··· Records provided ···

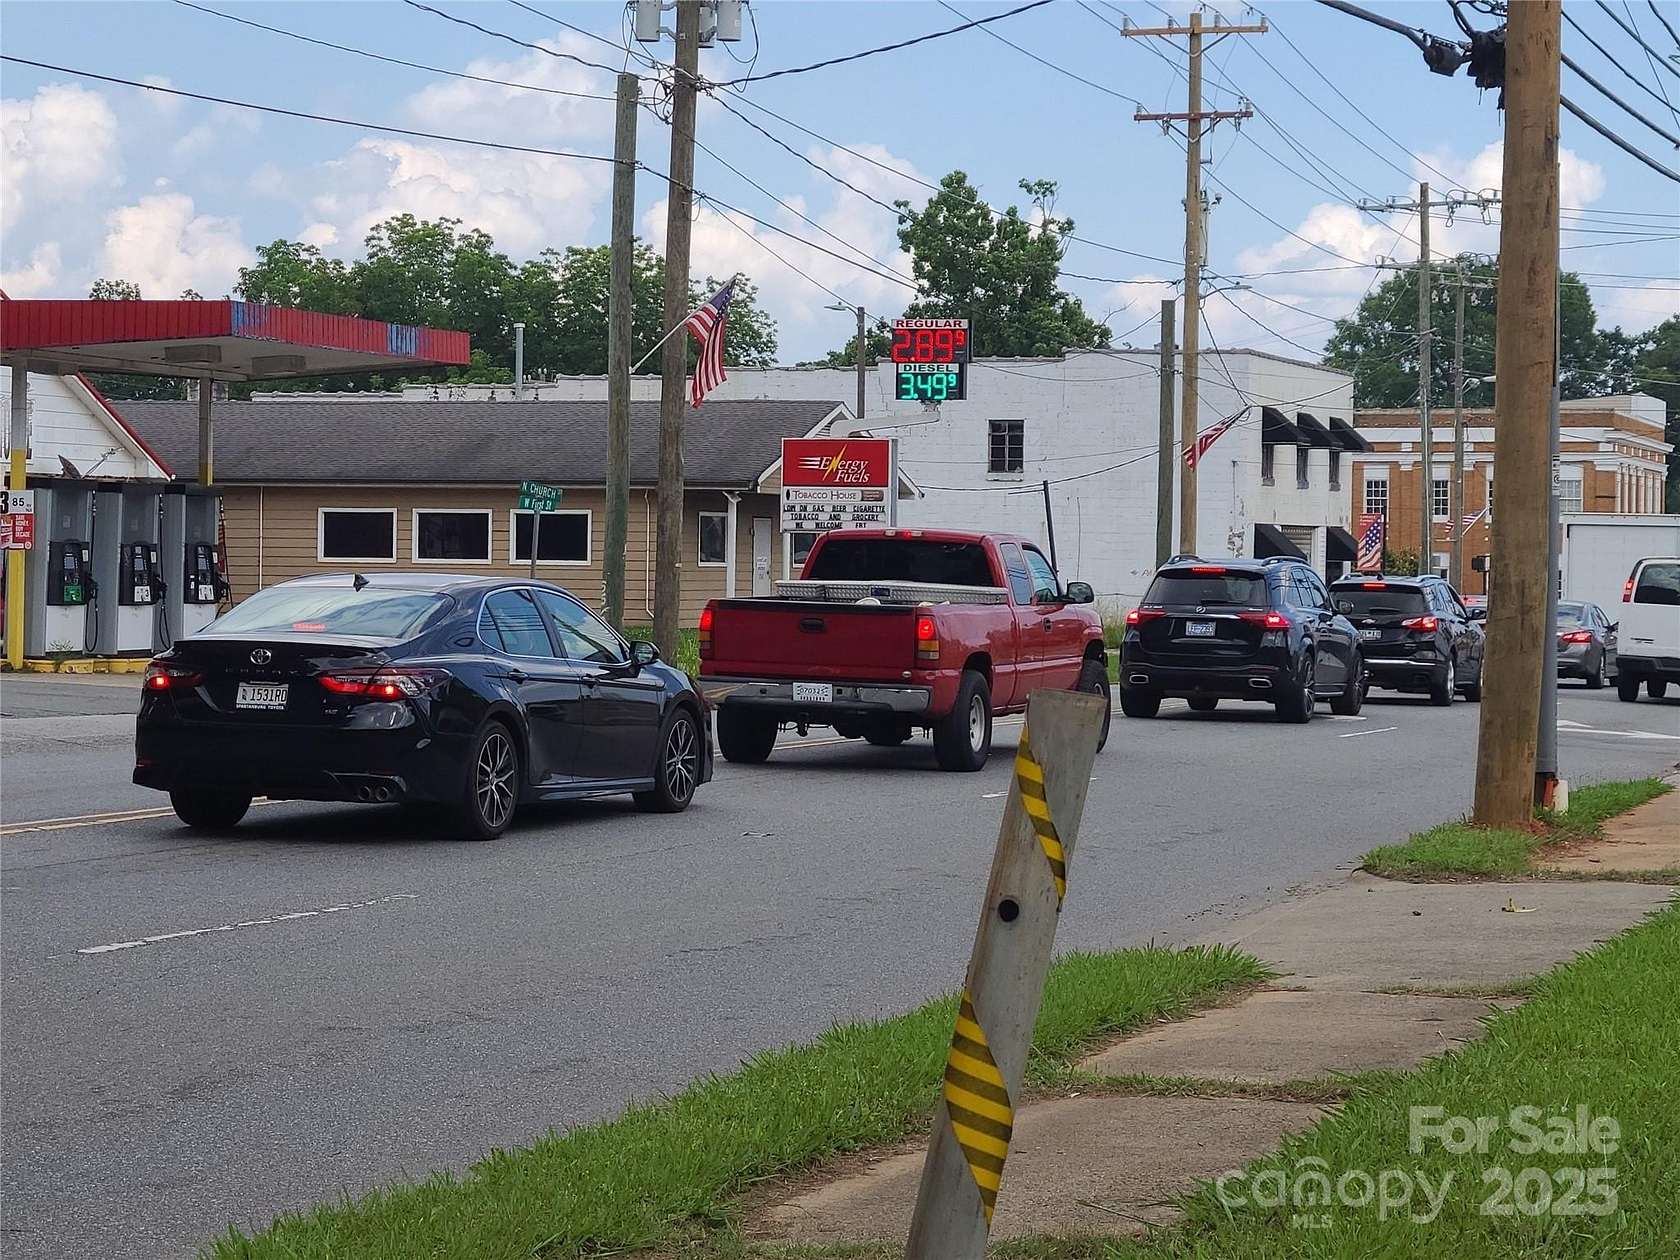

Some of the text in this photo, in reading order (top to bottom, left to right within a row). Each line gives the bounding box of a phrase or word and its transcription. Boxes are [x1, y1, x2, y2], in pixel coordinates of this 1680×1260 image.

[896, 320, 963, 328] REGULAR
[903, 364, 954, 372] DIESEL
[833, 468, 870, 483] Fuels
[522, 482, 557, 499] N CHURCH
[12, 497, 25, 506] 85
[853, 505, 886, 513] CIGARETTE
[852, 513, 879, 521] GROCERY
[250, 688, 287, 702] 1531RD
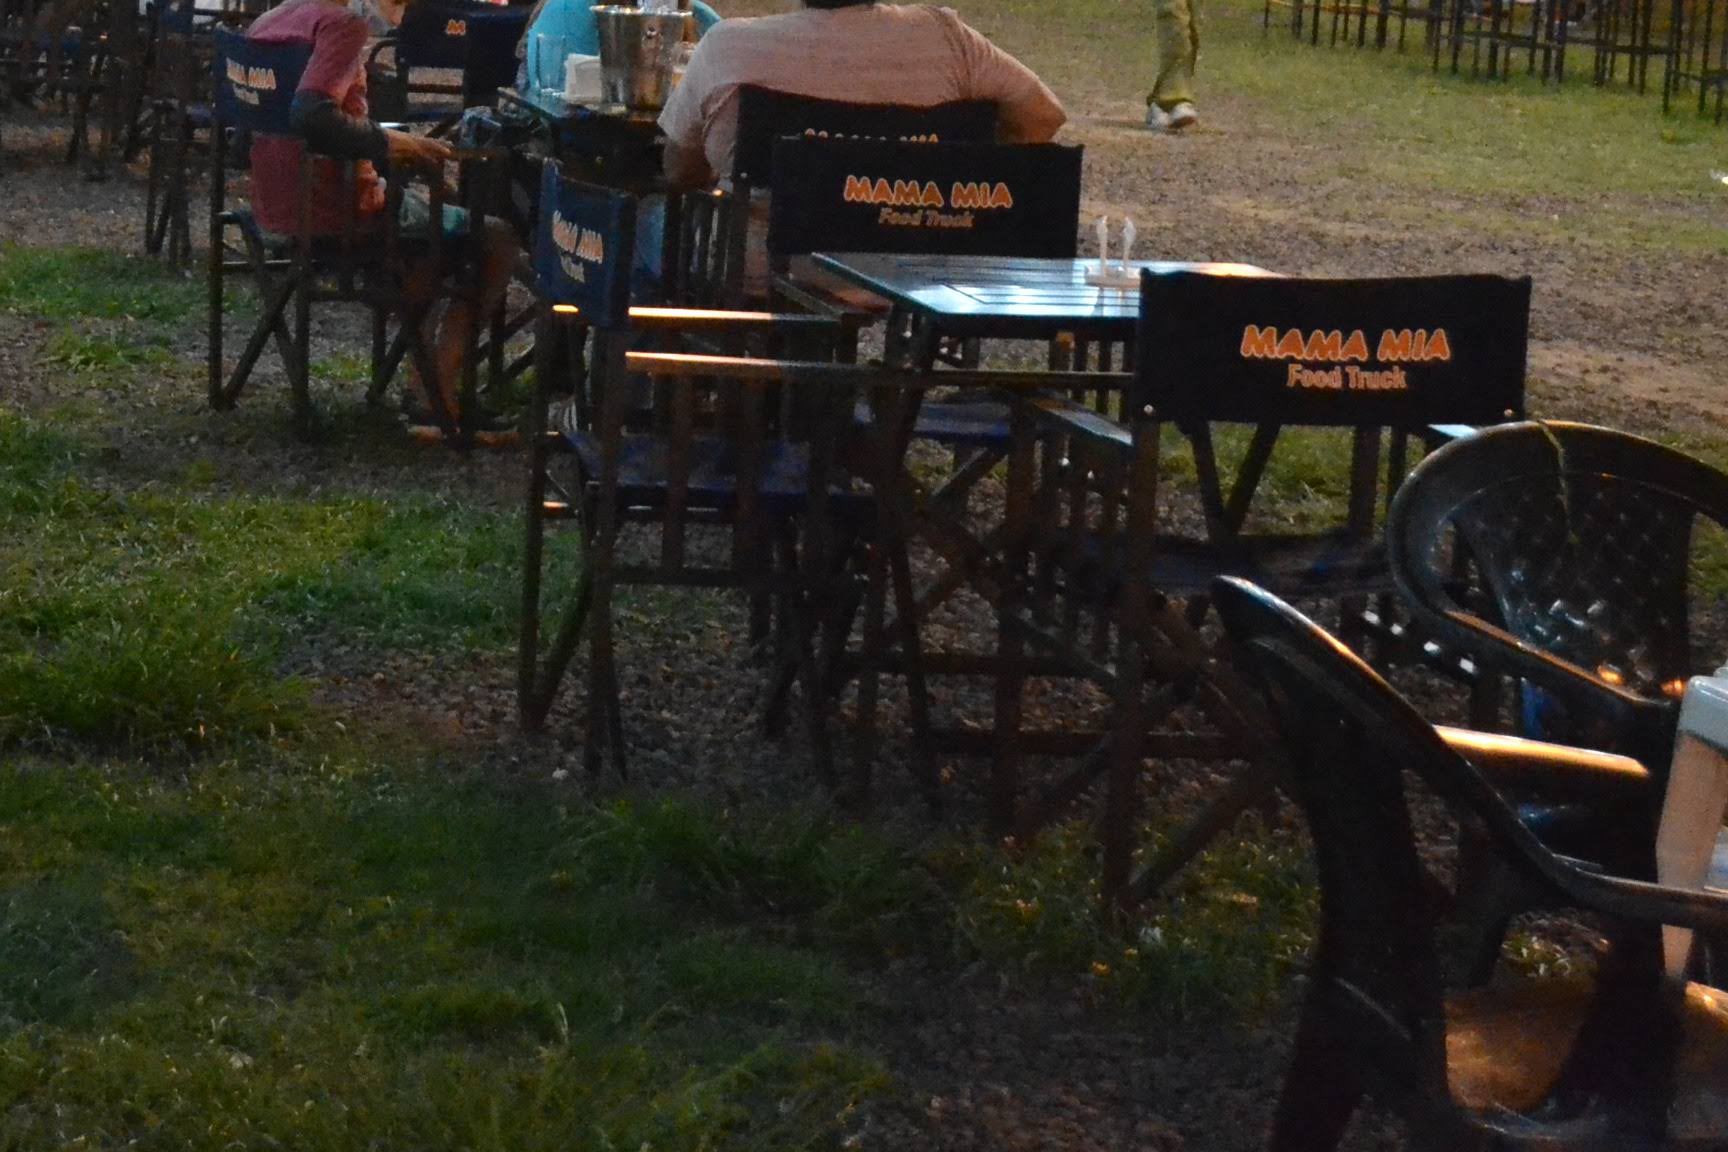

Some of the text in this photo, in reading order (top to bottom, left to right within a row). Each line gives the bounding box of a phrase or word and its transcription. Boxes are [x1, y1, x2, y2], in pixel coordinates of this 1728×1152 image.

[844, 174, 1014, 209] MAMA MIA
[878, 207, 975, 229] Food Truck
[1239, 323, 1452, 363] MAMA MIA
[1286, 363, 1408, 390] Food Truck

···

## What this task involves
Repeat exactly the lines above, starting with the line that contains "this 1728×1152 image." and ending with the last line, both included, and nothing else.

## Result
Some of the text in this photo, in reading order (top to bottom, left to right within a row). Each line gives the bounding box of a phrase or word and its transcription. Boxes are [x1, y1, x2, y2], in pixel coordinates of this 1728×1152 image.

[844, 174, 1014, 209] MAMA MIA
[878, 207, 975, 229] Food Truck
[1239, 323, 1452, 363] MAMA MIA
[1286, 363, 1408, 390] Food Truck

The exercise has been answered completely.